Hi all,
This is a little different than other label-switching questions I’ve found here, and it’s not really covered by Betancourt’s excellent vignette. Sorry for the long post. The quick summary is that I’m facing label-switching, which isn’t a problem for my application except that it messes up diagnostics such as R-hat and ESS. Correcting for label-switching (post-hoc relabeling) makes the diagnostics much better, but I still seem to need long-ish runs (8 chains, 4000 warmup, 5000 sampling so far) to make the corrected diagnostics closer to the recommended values (still not there yet), perhaps indicating deeper issues with sampling.
More detail:
I am using a fully exchangeable mixture of 6 multivariate Gaussians as a prior on hierarchical regression coefficients (vectors length 3). I don’t mind label-switching itself in my MCMC chains, since I’m not trying to make (unidentifiable) inferences about specific mixture components. And if I use careful priors, cmdstanr’s HMC sampling runs fairly quickly without divergences, so I don’t think it’s crazy to fit 6 multivariate components. But the R-hat and ESS automatically produced by cmdstanr look terrible (see below; these are the estimated mixture weights \pi).
Now, we know that label-switching, or more precisely exchangeability, can fool naive R-hat: e.g. R-hat doesn’t know that a chain sampling near mode (\theta_1 = 0, \theta_2 = 1) is actually equivalent to that chain sampling near mode (\theta_1 = 1, \theta_2 = 0) if these parameters are exchangeable. So it can look like two chains haven’t mixed, or one chain isn’t stationary (e.g. first half of the chain appears to be sampling a different mode than the second half) — when actually all is well. That is what I’m hoping is causing most of the problem.
So currently I’ve been doing the very simplest post-hoc relabeling (there’s a whole literature on this that I’ve been trying desperately to ignore). After sampling, within each chain, for each iteration/draw, I (arbitrarily) re-order the mixture indices by the size of the mixture weight (i.e. I re-order so that mixture weights \pi_1 < \pi_2 < \dots). Exchangeability says this is valid. And R-hat and ESS do look dramatically better for the variables that have had their indices re-ordered.
After:
But R-hat and ESS vary a lot between mixture components, and there’s a slightly fishy pattern that after re-ordering the larger mixture weights tend to have much worse diagnostics, not sure if that’s indicative of something.

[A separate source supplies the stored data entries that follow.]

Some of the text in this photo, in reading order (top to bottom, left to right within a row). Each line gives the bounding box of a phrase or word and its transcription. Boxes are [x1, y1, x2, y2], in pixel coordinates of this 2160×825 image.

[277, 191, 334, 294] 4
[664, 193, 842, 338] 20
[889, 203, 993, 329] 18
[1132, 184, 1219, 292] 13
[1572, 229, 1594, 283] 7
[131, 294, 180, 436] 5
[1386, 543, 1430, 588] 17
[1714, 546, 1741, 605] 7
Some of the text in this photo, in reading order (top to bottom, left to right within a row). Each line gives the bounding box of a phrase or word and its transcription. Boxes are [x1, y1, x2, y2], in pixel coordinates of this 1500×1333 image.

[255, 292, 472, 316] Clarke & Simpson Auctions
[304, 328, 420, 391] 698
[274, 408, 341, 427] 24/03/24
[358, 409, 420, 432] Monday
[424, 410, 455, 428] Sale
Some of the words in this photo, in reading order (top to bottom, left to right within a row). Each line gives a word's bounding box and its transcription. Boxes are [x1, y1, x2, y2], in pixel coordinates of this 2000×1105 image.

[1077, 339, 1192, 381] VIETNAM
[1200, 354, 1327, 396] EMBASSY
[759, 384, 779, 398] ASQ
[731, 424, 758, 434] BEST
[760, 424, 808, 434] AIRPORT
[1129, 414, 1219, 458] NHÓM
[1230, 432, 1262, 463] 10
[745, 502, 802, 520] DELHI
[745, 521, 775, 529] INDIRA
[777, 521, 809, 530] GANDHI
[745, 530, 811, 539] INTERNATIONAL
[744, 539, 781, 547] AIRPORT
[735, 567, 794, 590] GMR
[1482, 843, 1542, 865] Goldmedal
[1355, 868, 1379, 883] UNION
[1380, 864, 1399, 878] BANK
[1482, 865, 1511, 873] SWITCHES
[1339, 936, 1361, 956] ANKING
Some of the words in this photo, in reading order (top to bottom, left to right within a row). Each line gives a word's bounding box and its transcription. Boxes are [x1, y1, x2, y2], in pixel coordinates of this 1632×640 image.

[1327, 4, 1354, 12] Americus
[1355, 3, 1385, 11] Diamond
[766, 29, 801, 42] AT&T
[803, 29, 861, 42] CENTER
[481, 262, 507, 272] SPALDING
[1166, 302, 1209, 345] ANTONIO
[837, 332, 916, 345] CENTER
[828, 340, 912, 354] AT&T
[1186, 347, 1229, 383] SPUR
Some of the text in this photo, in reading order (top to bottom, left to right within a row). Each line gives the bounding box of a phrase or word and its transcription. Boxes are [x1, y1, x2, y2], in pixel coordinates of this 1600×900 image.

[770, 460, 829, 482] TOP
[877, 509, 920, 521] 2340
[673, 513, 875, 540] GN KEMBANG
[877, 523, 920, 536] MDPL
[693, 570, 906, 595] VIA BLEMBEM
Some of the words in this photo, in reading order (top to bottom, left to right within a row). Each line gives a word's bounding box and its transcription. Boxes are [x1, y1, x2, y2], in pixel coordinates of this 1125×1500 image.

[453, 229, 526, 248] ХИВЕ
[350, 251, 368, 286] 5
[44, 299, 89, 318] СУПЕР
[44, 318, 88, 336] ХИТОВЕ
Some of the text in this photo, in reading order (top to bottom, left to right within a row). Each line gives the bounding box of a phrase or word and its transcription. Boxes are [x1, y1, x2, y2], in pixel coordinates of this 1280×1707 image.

So I’m looking for an explanation and a better solution. One obvious possibility is to change the model so that the mixture weights are an ordered simplex. But there seems to be confusion in the Stan forums about whether that’s slow or unstable or plain dumb, and I don’t have a good intuition about sensible ordered simplex priors (or what it would mean to declare an ordered Dirichlet). And the other symmetry-breaking schemes don’t play nicely with my multivariate model (and frankly look like pretty weird priors).